DATA PROVIDED Block Start

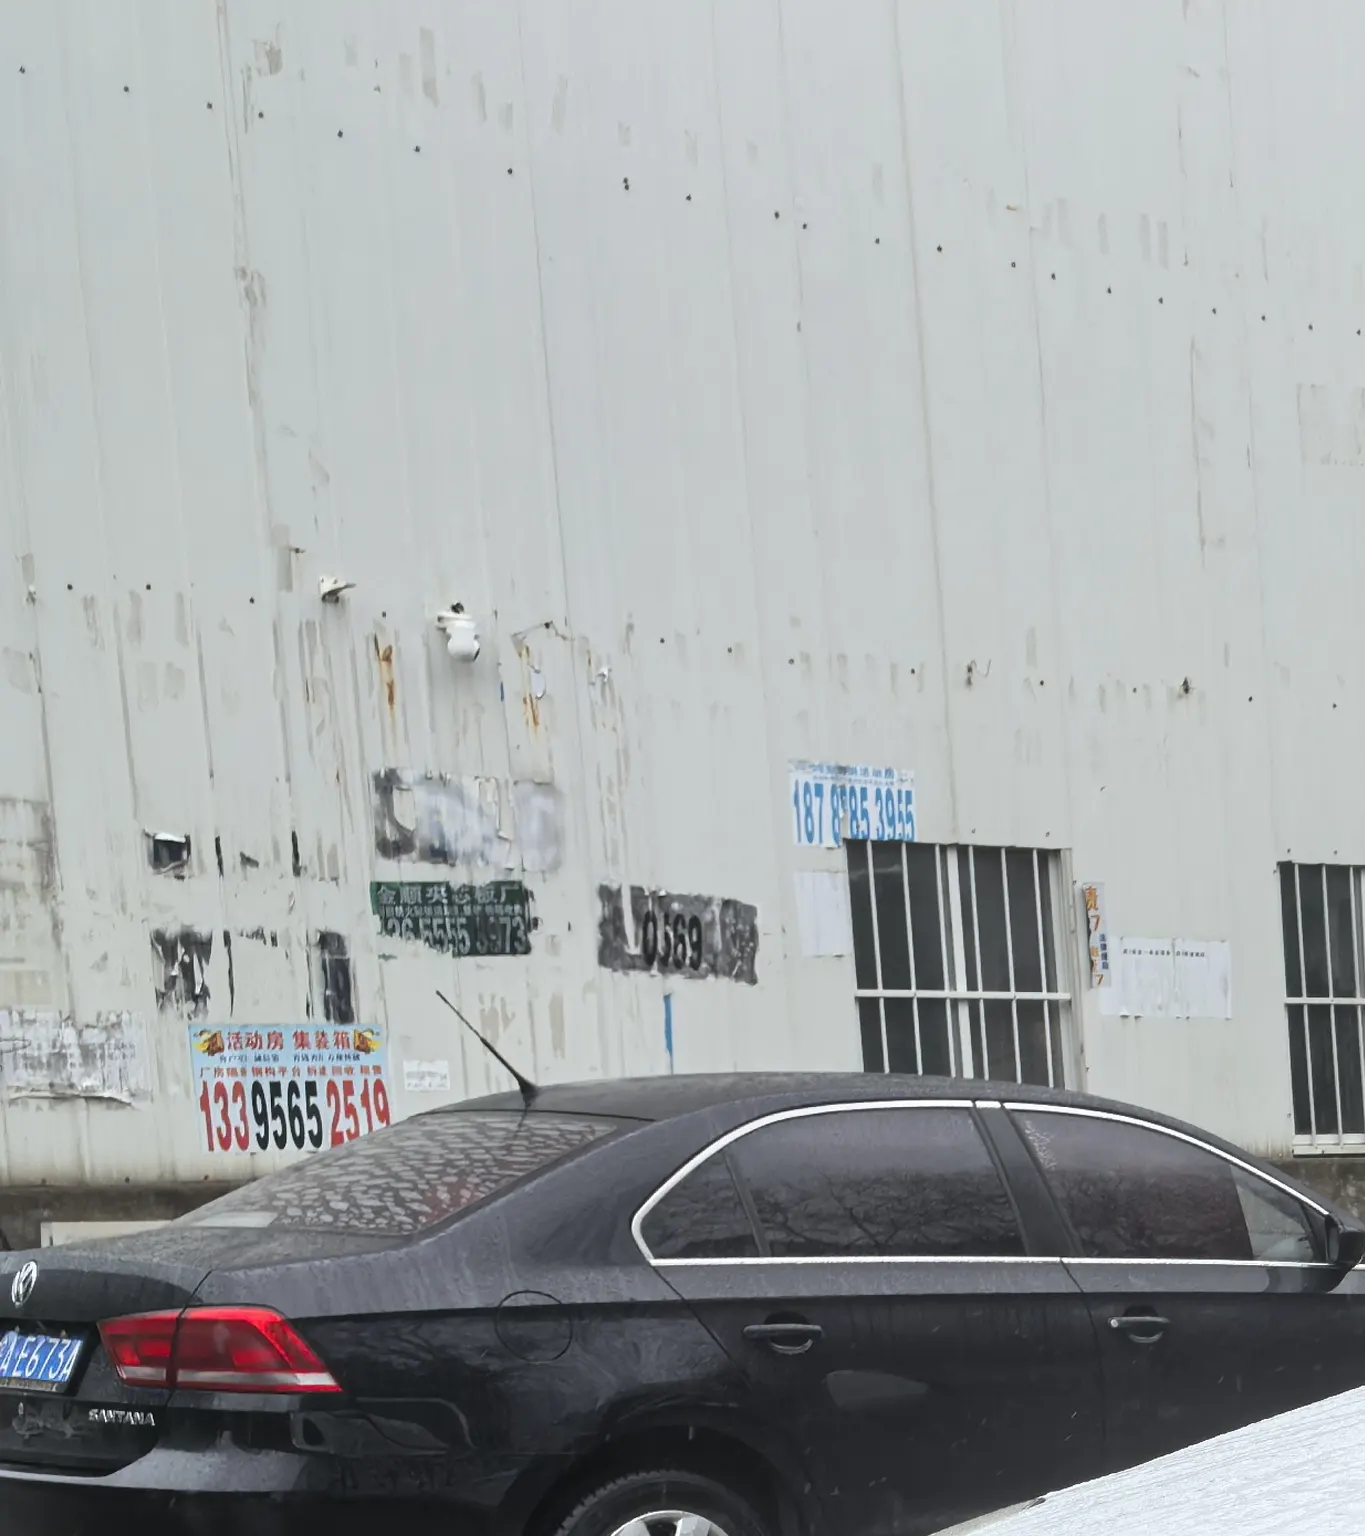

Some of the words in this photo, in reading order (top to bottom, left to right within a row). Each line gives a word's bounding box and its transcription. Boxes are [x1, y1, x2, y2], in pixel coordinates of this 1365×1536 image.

[793, 780, 824, 843] 187
[227, 1031, 285, 1051] 活动房
[293, 1030, 352, 1051] 集装箱
[200, 1080, 250, 1152] 133
[251, 1079, 324, 1150] 9565
[326, 1078, 391, 1149] 2519
[0, 1330, 83, 1382] AE673A
[88, 1407, 156, 1427] SANTANA
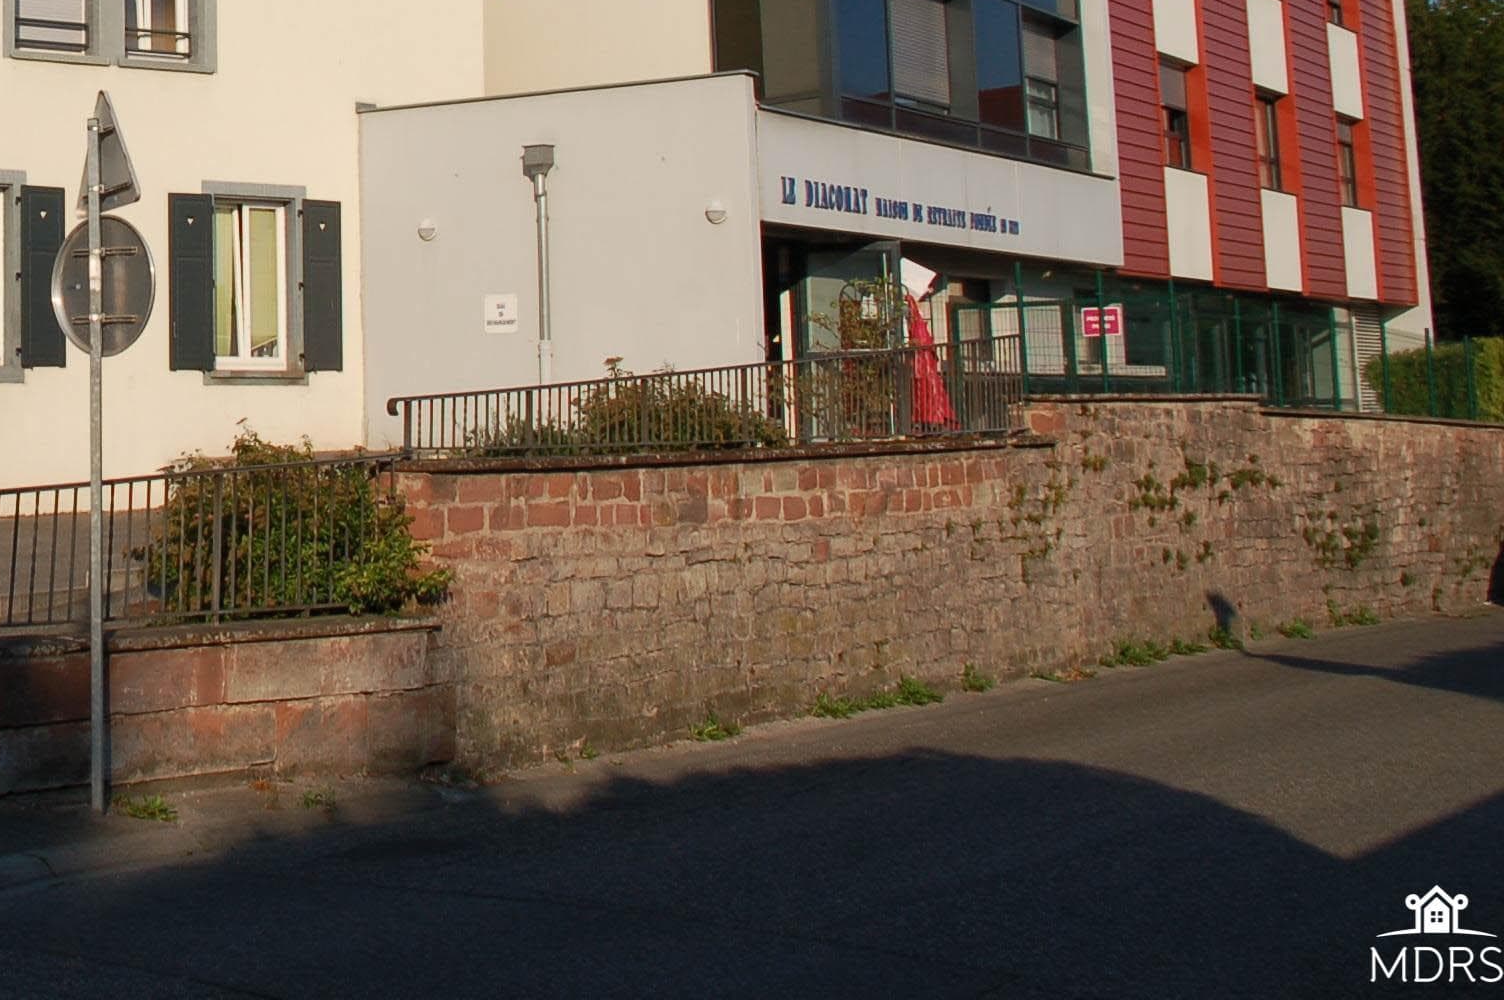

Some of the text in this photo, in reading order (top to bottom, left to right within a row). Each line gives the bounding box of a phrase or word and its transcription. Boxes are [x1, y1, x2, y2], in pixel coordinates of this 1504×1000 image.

DATA PROVIDED Block End

## TASK OBJECTIVE:
Could the data be reproduced exactly, with the pictures omitted?

## ANSWER TO THIS PROBLEM:
Some of the words in this photo, in reading order (top to bottom, left to right within a row). Each line gives a word's bounding box and its transcription. Boxes are [x1, y1, x2, y2], in pixel coordinates of this 1365×1536 image.

[793, 780, 824, 843] 187
[227, 1031, 285, 1051] 活动房
[293, 1030, 352, 1051] 集装箱
[200, 1080, 250, 1152] 133
[251, 1079, 324, 1150] 9565
[326, 1078, 391, 1149] 2519
[0, 1330, 83, 1382] AE673A
[88, 1407, 156, 1427] SANTANA

Some of the text in this photo, in reading order (top to bottom, left to right within a row). Each line gives the bounding box of a phrase or word and its transcription. Boxes are [x1, y1, x2, y2], in pixel coordinates of this 1504×1000 image.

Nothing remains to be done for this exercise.